>On Wed, 2005-08-31 at 10:28 +0100, Christian Limpach wrote:
>> On Tue, Aug 30, 2005 at 03:32:46PM -0500, Anthony Liguori wrote:
>> > Perhaps now is a good time to reconsider just using domain ids instead
>> > of UUIDs for the paths? In a cluster we could just use
>> > <nodeid>/domain/<domid> for unique identification.
>>
>> We'd like the identifier for a domain to remain the same after
>> relocating the domain to a different physical machine.[1]
>
>You're never going to have the property that a uuid always maps to the
>same domain, or a domain always has the same uuid, if we ever introduce
>forking of domains by any method. So, I think this is a losing battle,
>but it's causing a mess of the store as a side effect.
>
>As far as I can tell, UUIDs are a third identifier of domains, which buy
>nothing over the existing two: names (cluster-wide unique, human
>readable, slow), and domids (locally unique, fast).

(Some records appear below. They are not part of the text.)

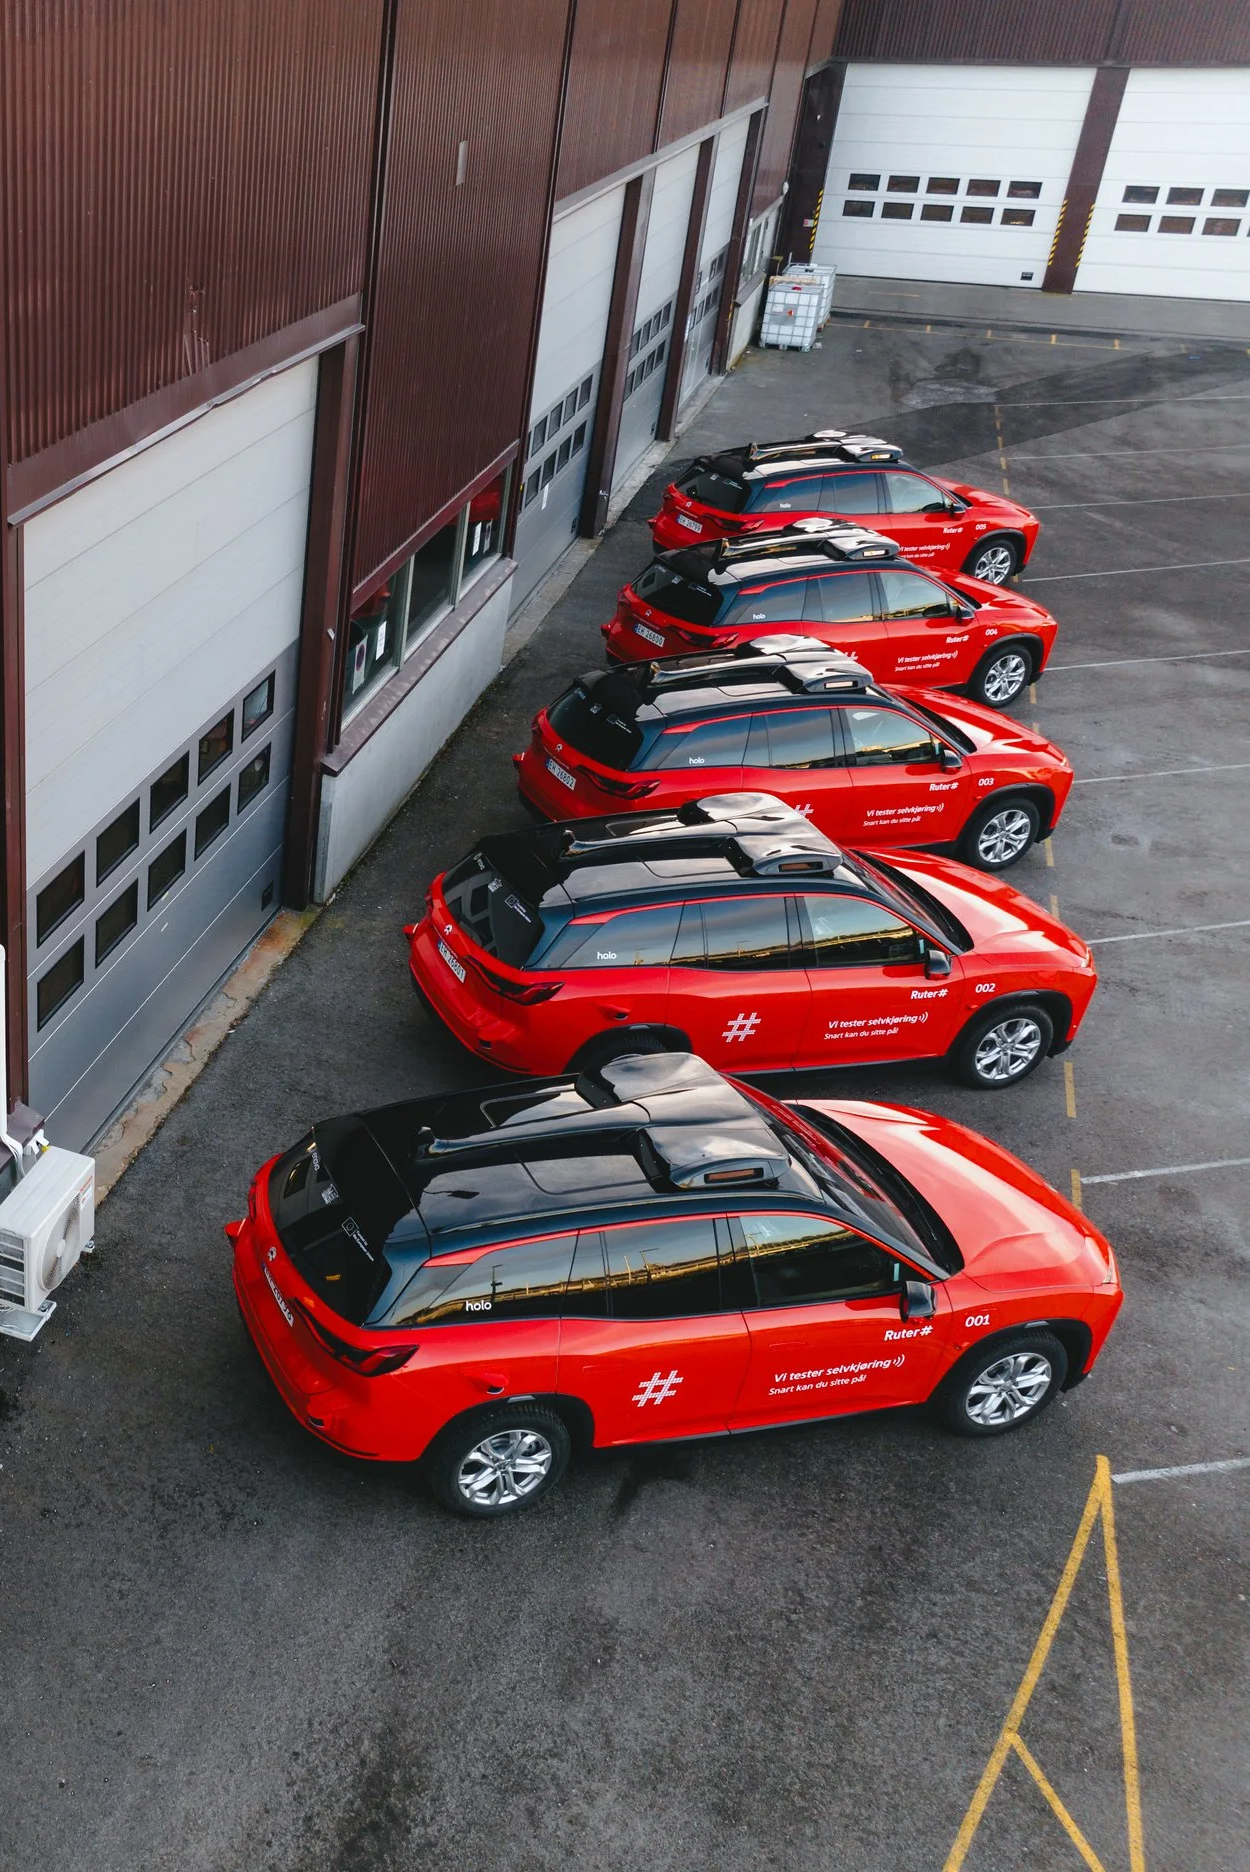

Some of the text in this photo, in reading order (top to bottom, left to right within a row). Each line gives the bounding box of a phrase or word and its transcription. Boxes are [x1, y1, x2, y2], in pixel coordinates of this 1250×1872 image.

[975, 523, 987, 531] 005
[645, 629, 663, 646] 26800
[985, 628, 998, 636] 004
[921, 653, 951, 661] selvkjøring
[689, 756, 705, 764] holo
[556, 768, 575, 788] 26802
[978, 777, 994, 787] 003
[897, 805, 937, 815] selvkjøring
[597, 951, 617, 960] holo
[910, 988, 949, 1000] Ruter#
[975, 983, 996, 993] 002
[828, 1014, 918, 1029] Vi tester selvkjøring
[824, 1026, 899, 1040] Snart kan du sitte på!
[465, 1300, 492, 1312] holo
[964, 1314, 991, 1328] 001
[883, 1325, 934, 1342] Ruter#
[774, 1358, 892, 1383] Vi tester selvkjøring
[768, 1374, 867, 1396] Snart kan du sitte på!

Well one issue is that cluster-wide unique human readable names are
tricky to enforce. Right now what we need is something which refers
to the same "virtual machine" regardless of which domain it currently
inhabits. I.e. across save/restore, across migrate, etc. If this is
unique to a "virtual machine", then a 'fork' (when we get it) is going
to cause a new one of these to be created. I guess we could try to use
human readable stuff for this, but I think having the extra level of
indirection makes it easier.
Of course this means that per-domain (rather than per virtual machine)
state such as event channels and mfns of shared memory should be indexed
by domain id in the store, not by uuid. The uuid is an important part
of a domain's identity but it's effectively a 'foreign key' rather than
the primary key of the domain information.
cheers,
S.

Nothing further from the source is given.